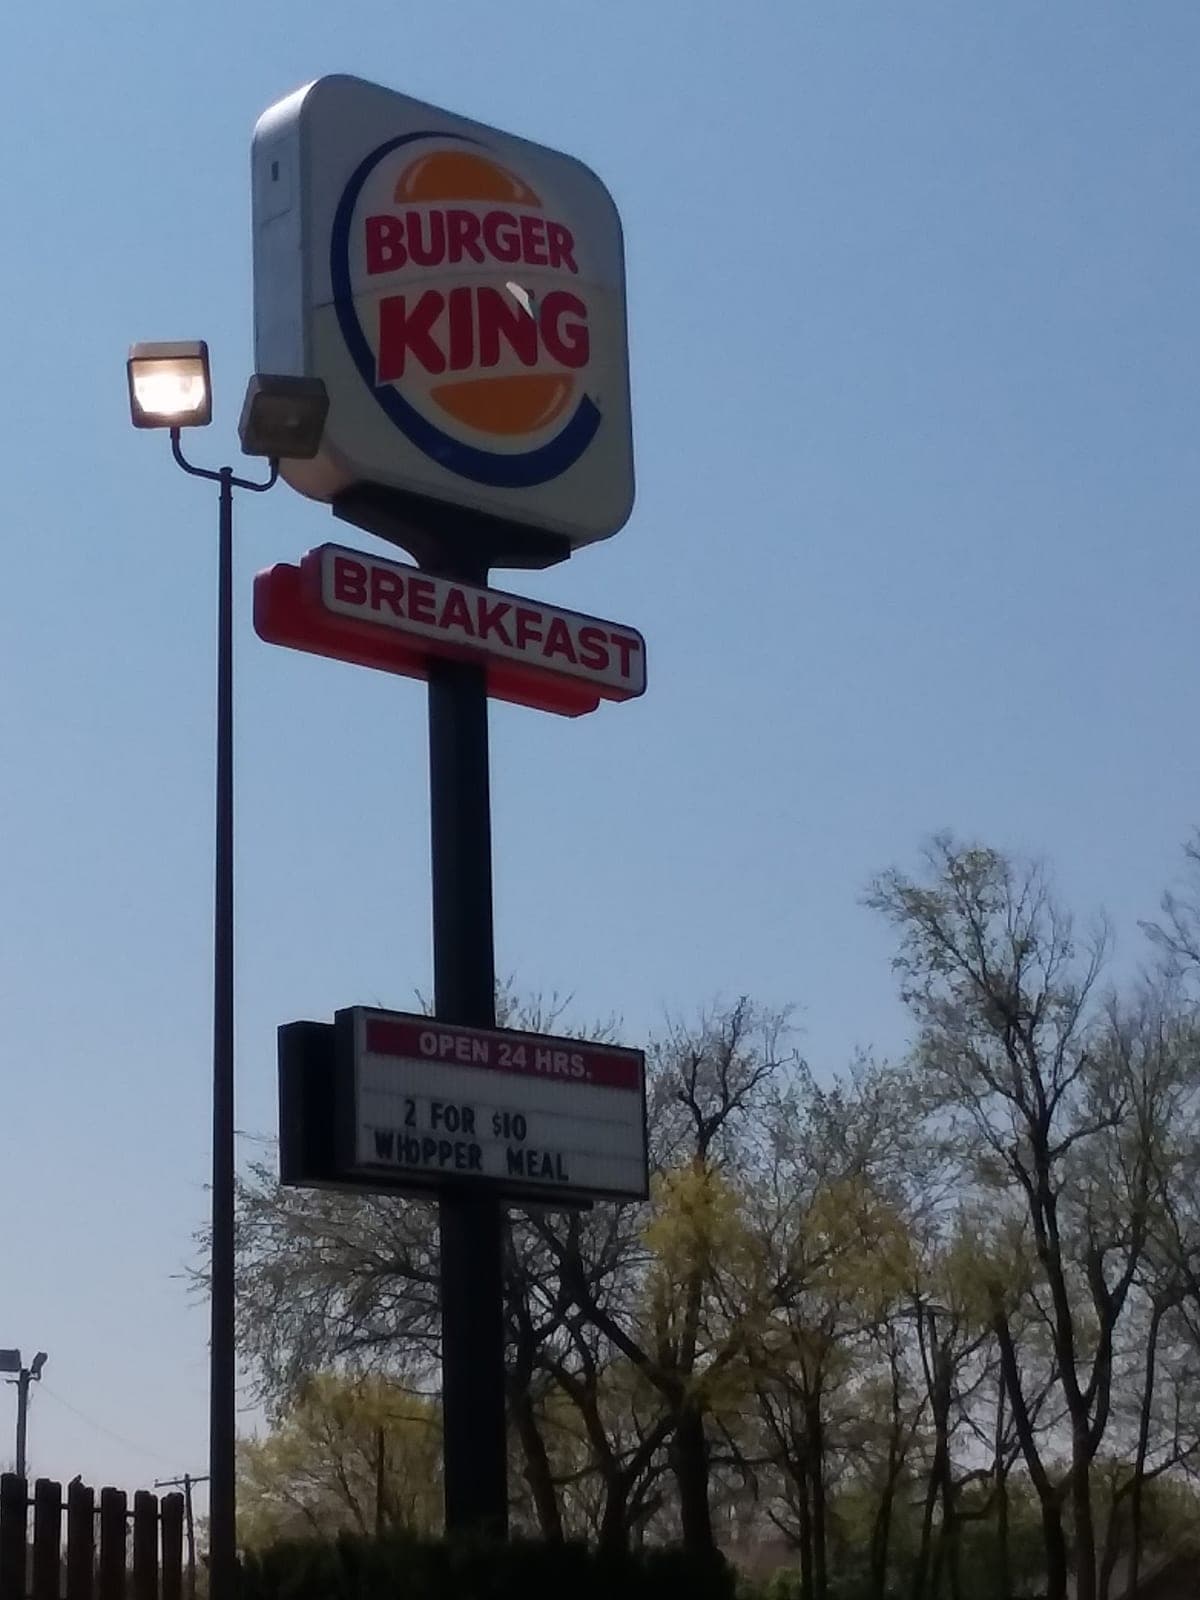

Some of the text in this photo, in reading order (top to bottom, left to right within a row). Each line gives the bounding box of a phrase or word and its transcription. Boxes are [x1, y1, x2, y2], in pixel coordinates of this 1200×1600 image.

[365, 210, 578, 274] BURGER
[375, 287, 590, 382] KING
[333, 556, 639, 678] BREAKFAST
[419, 1031, 592, 1079] OPEN 24 HRS.
[404, 1099, 527, 1141] 2 FOR $10
[374, 1130, 569, 1181] WHOPPER MEAL
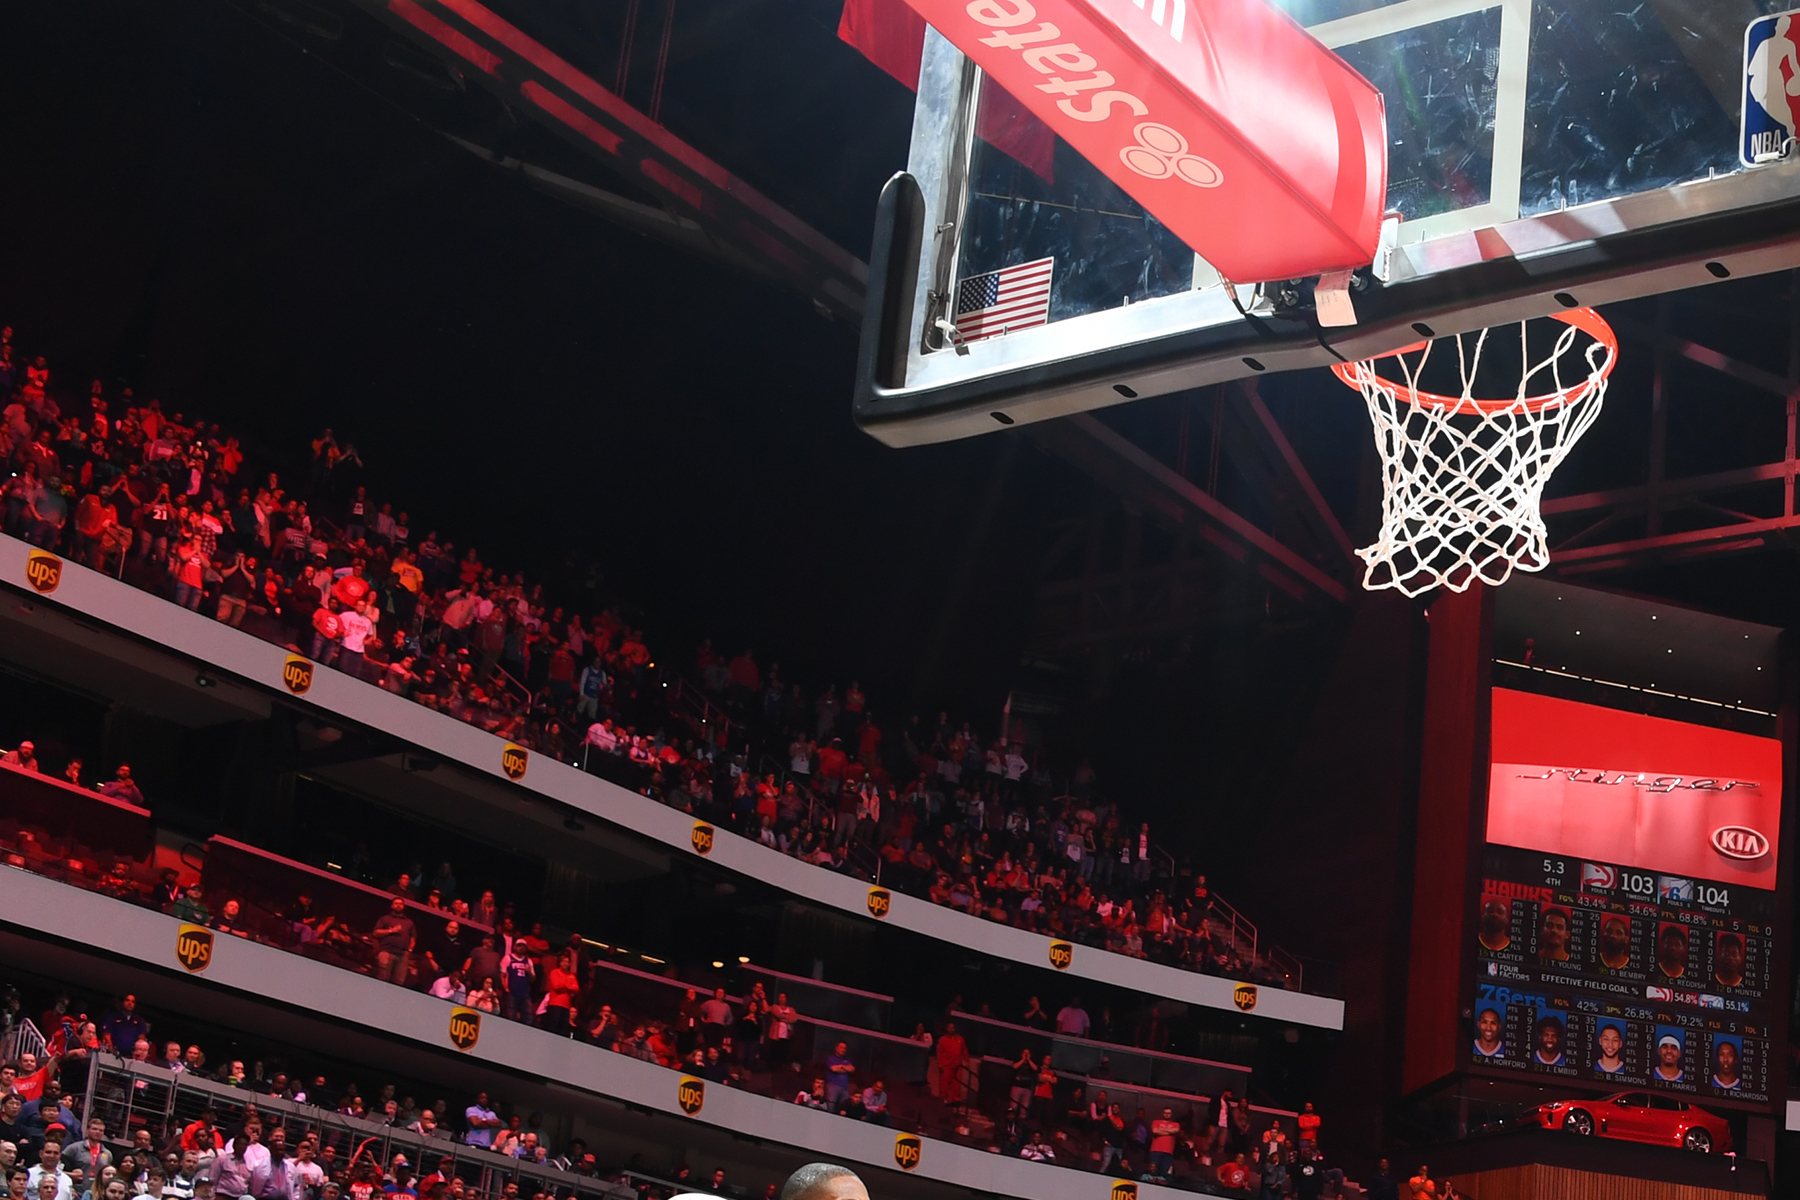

# What to work on
From the first line to the last, retype the entries above exactly, minus the pictures.

# Task response
Some of the text in this photo, in reading order (top to bottom, left to right within a row). Each line gives the bounding box of a phrase or word and its transcription. Boxes are [x1, y1, x2, y2], in pixel coordinates of this 1200×1600 image.

[365, 210, 578, 274] BURGER
[375, 287, 590, 382] KING
[333, 556, 639, 678] BREAKFAST
[419, 1031, 592, 1079] OPEN 24 HRS.
[404, 1099, 527, 1141] 2 FOR $10
[374, 1130, 569, 1181] WHOPPER MEAL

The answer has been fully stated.